Ever get bored and go archive diving, only to find an image that totally blows your mind? I usually don’t find much when I’m digging around in the dumpster but tonight, oh tonight, I stumbled across an intimate scene from Redwoods National Park that made me giddy. The color version didn’t appeal to me as it was essentially just various shades of green. As I studied the image I noticed that the clovers were darker than the non-clover (no idea what kind of plant it is) and my brain kicked into monochrome mode. I thought, “What if I converted this to black and white with a lot of contrast that would make the dark clovers darker and the light plant lighter?” So, that’s exactly what I did using Nik Software Silver Efex Pro 2.
I don’t often start my monochrome conversions with one of the presets that are included with Silver Efex Pro 2 but this time the “Push Process N+1.5″. I made a few minor tweaks to the image at this point, the most significant of which was eliminating the grain automatically added by the preset. I don’t mind grain in some black and white photos but in this one I didn’t want to add grain at the expense of fine detail. I also added a little more structure to the highlights and mid-tones.

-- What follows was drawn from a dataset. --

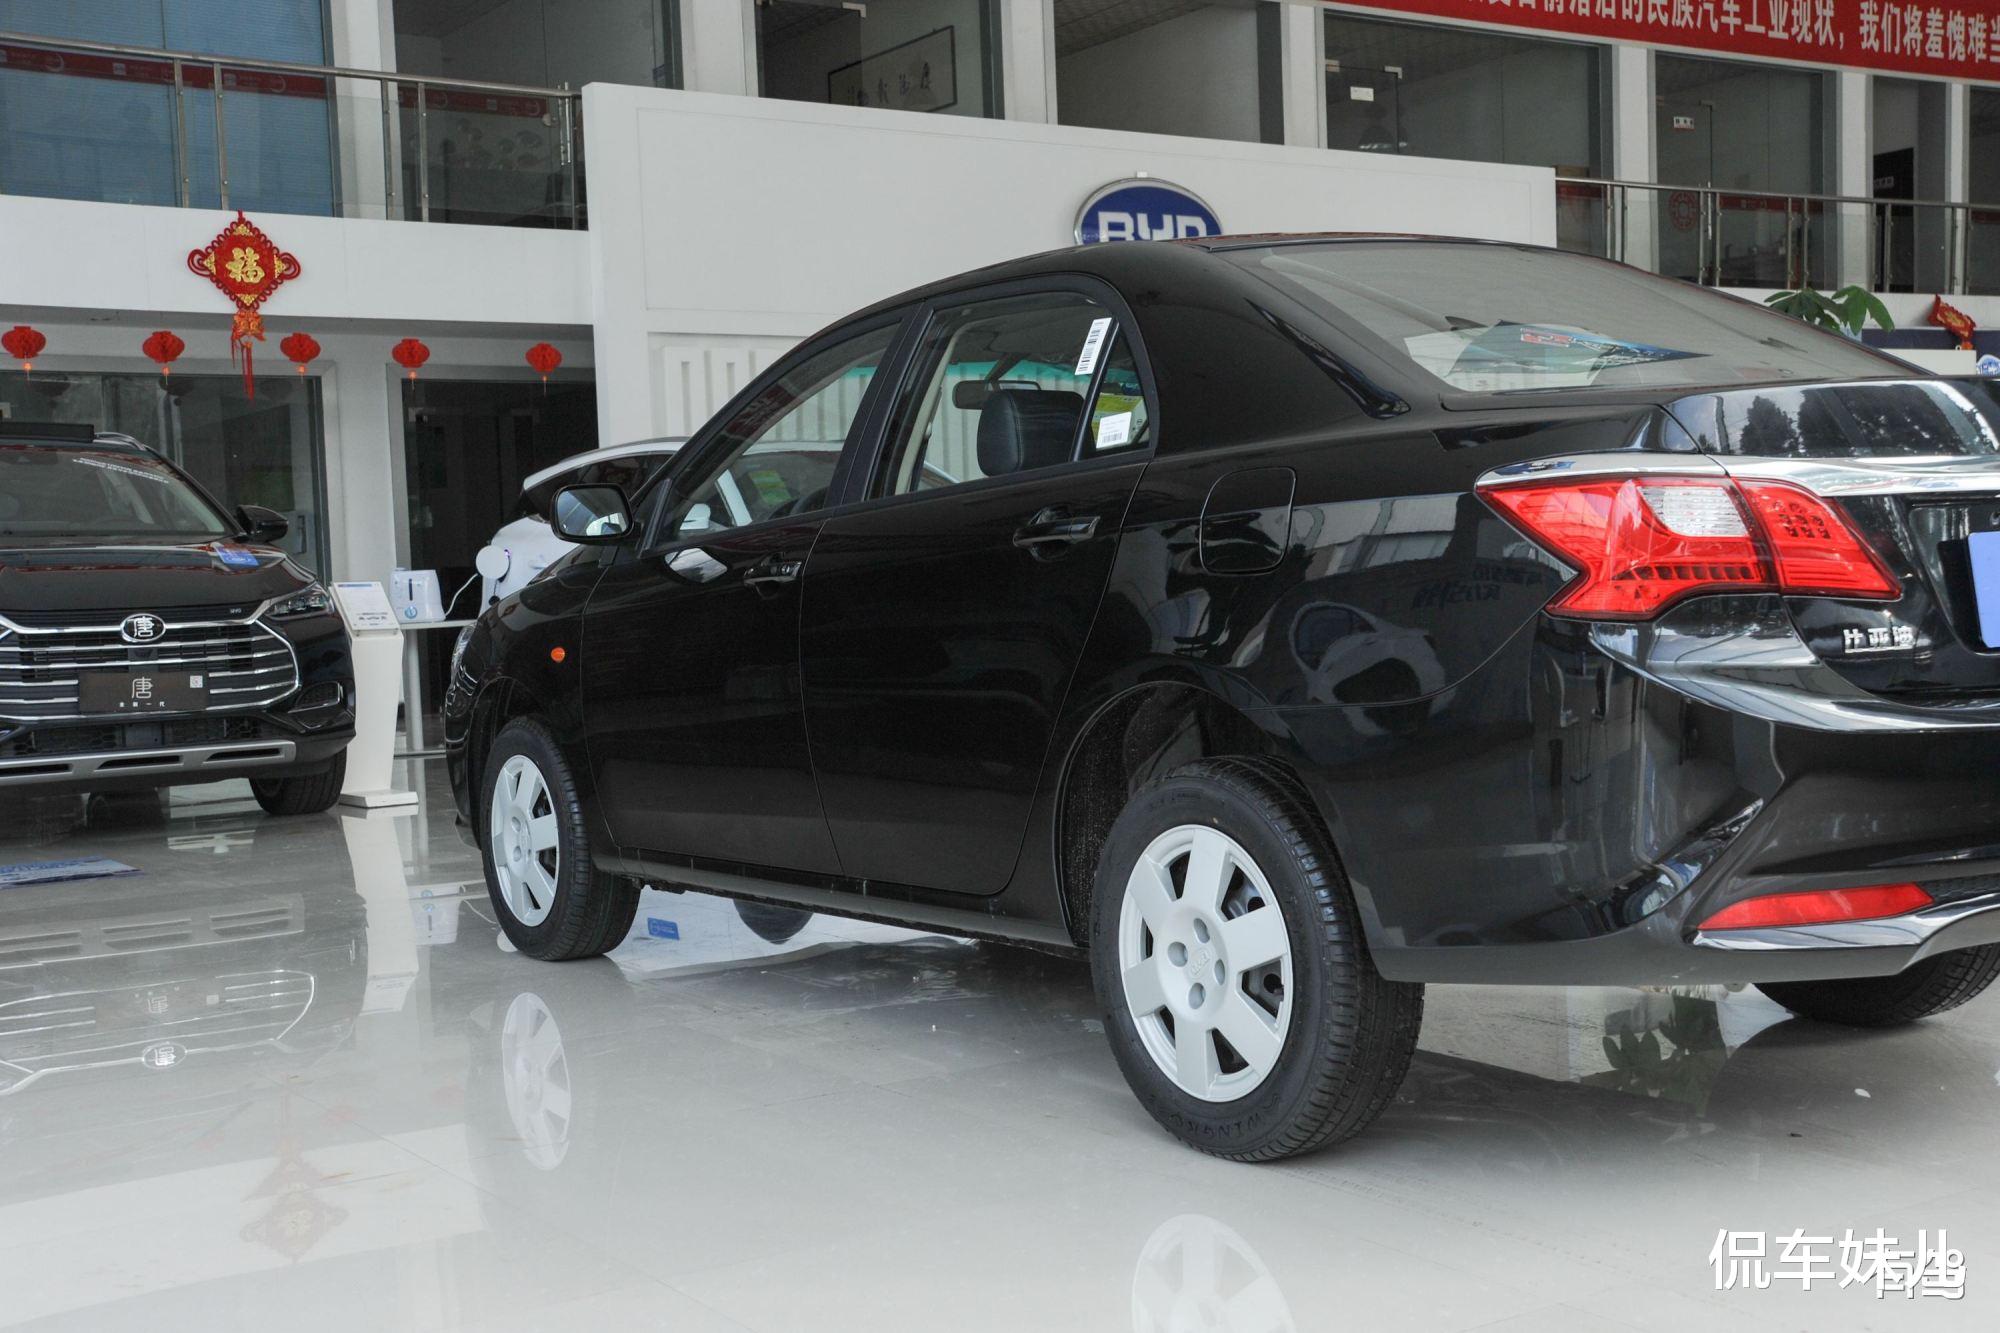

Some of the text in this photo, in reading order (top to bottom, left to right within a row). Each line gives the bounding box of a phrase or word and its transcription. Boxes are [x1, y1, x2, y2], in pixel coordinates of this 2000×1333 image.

[1097, 210, 1208, 242] BYD
[225, 246, 265, 284] 福
[131, 676, 154, 699] 唐

At this point the image was oh-so-close to what I’d visualized but I still wanted more contrast between the clovers and lighter plant. I pulled the photo into Nik Software Viveza 2 and used carefully placed control points on the lighter leaves to brighten them up a bit more with consideration given to not going too far and losing highlight detail. Then, I dropped a few more control points on the clovers and darkened them while also increasing the contrast a wee little bit.

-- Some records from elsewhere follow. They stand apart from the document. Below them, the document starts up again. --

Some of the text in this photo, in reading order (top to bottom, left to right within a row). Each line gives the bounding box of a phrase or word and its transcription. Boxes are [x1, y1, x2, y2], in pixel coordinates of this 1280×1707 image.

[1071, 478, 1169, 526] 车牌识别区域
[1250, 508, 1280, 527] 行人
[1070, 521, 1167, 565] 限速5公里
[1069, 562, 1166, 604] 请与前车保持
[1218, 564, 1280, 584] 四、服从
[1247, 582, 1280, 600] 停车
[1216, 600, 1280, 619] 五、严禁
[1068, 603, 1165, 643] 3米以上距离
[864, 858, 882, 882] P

This image is loaded with texture and I really wanted to accentuate it in the black and white version. The easiest way I’ve found to do this is to use the Tonal Contrast filter in Nik Software Color Efex Pro 4. As I’ve said in previous tutorials the native preset is way too much unless you’re a fan of overcooked HDR looking photography. The Tonal Contrast filter allows you to independently control the contrast of highlights, mid-tones and shadows with the simple flick of a slider. I increased the highlight contrast by 15 points, the mid-tone contrast by 10 points and the shadow contrast by 15 points. There’s the texture I wanted!

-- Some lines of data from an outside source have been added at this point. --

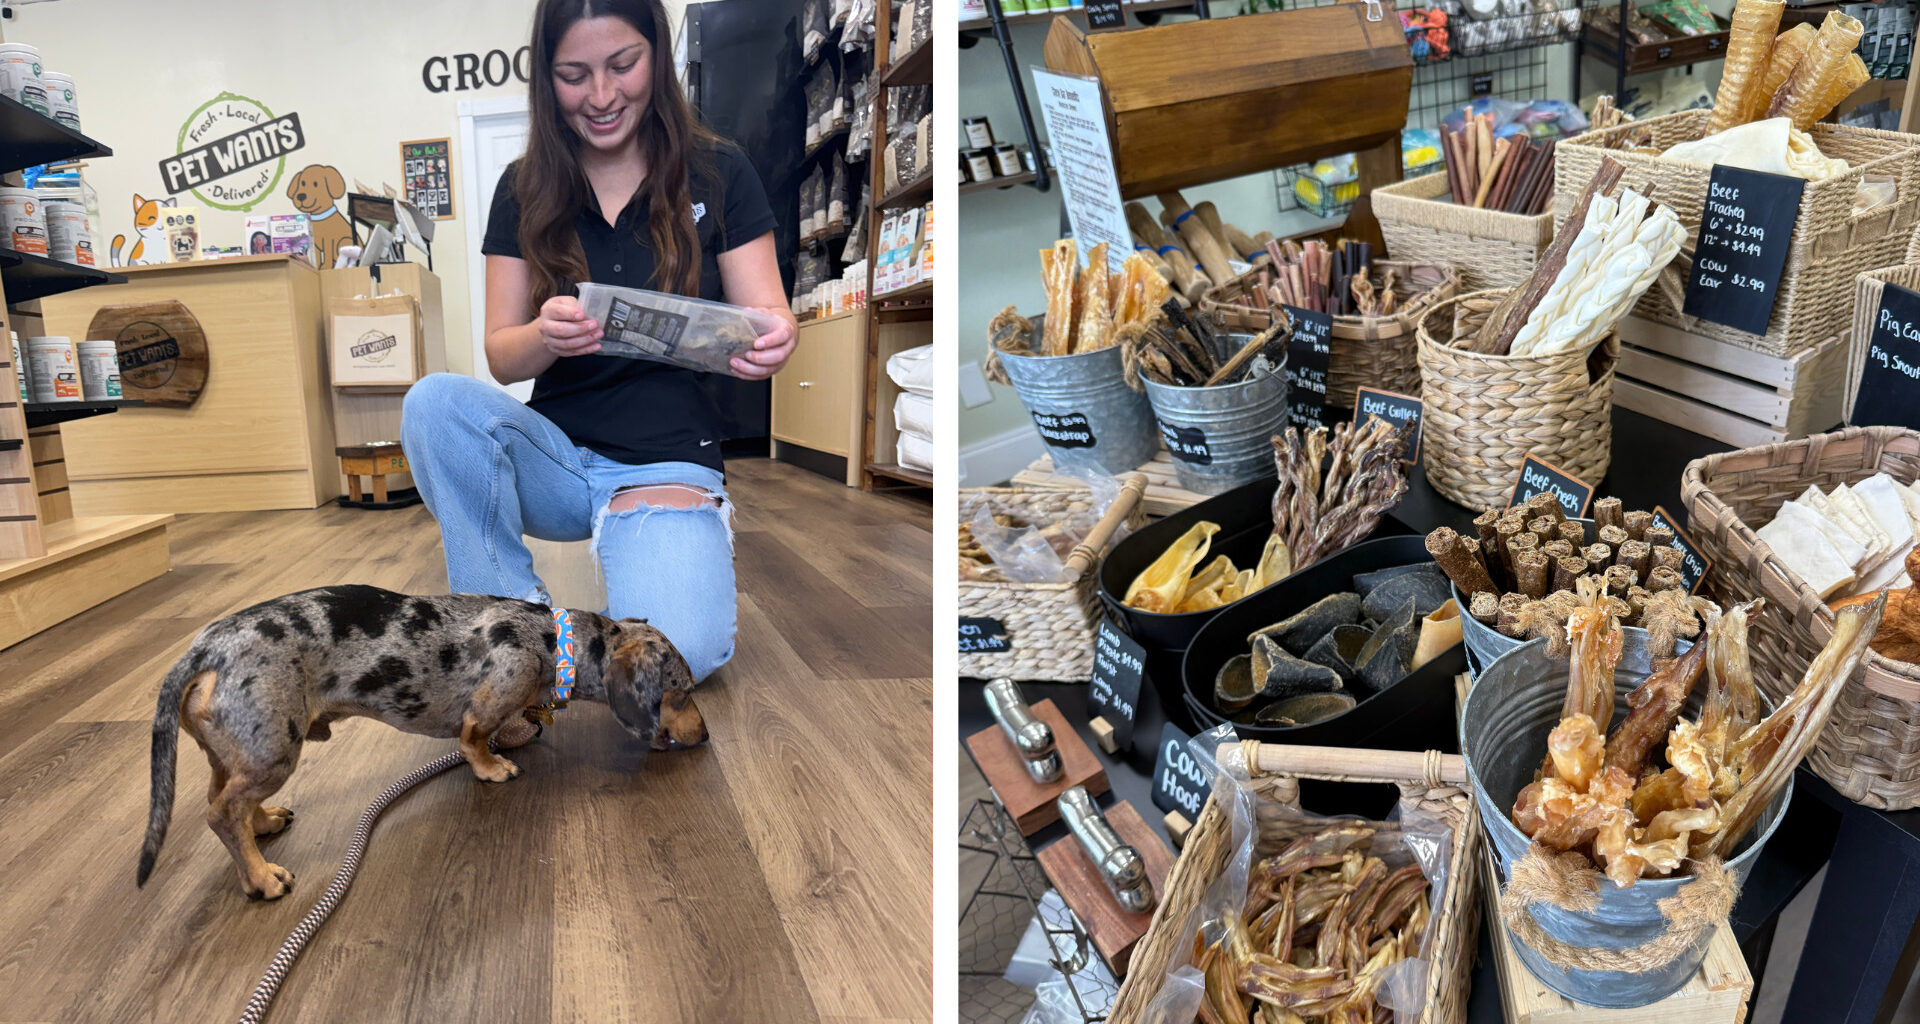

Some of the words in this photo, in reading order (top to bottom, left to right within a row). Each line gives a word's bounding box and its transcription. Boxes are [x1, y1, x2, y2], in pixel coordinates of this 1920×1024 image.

[190, 111, 218, 143] Fresh
[226, 104, 261, 124] Local
[165, 149, 210, 191] PET
[212, 118, 298, 173] WANTS
[212, 172, 270, 200] Delivered
[1711, 182, 1739, 200] Beef
[1709, 217, 1725, 230] 6"
[1703, 234, 1719, 246] 12"
[1699, 273, 1723, 289] Ear
[1731, 273, 1766, 293] $2.99
[1879, 308, 1900, 338] Pig
[1871, 345, 1889, 369] Pig
[1363, 396, 1387, 415] Beef
[1523, 465, 1550, 491] Beef
[1685, 554, 1703, 576] Chip
[1165, 739, 1207, 787] Cow
[1162, 767, 1200, 814] Hoof

I spent more time working on this image than I do on most but I think it was time well spent. I’m slowly assembling a portfolio of monochrome images I’m exceptionally proud of and this one will be a nice addition to the collection.
CAN YOU IDENTIFY THE PLANT THAT ISN’T A CLOVER? IF SO, PLEASE DO SO IN THE COMMENTS. FIRST PERSON TO CORRECTLY IDENTIFY IT WINS A 5″ X 7″ PRINT IN A MUSEUM WHITE 8″ X 10″ MAT. (SORRY, SHIPPING ONLY WITHIN THE U.S. AS THE INTERNATIONAL SHIPPING COST IS PROHIBITIVE)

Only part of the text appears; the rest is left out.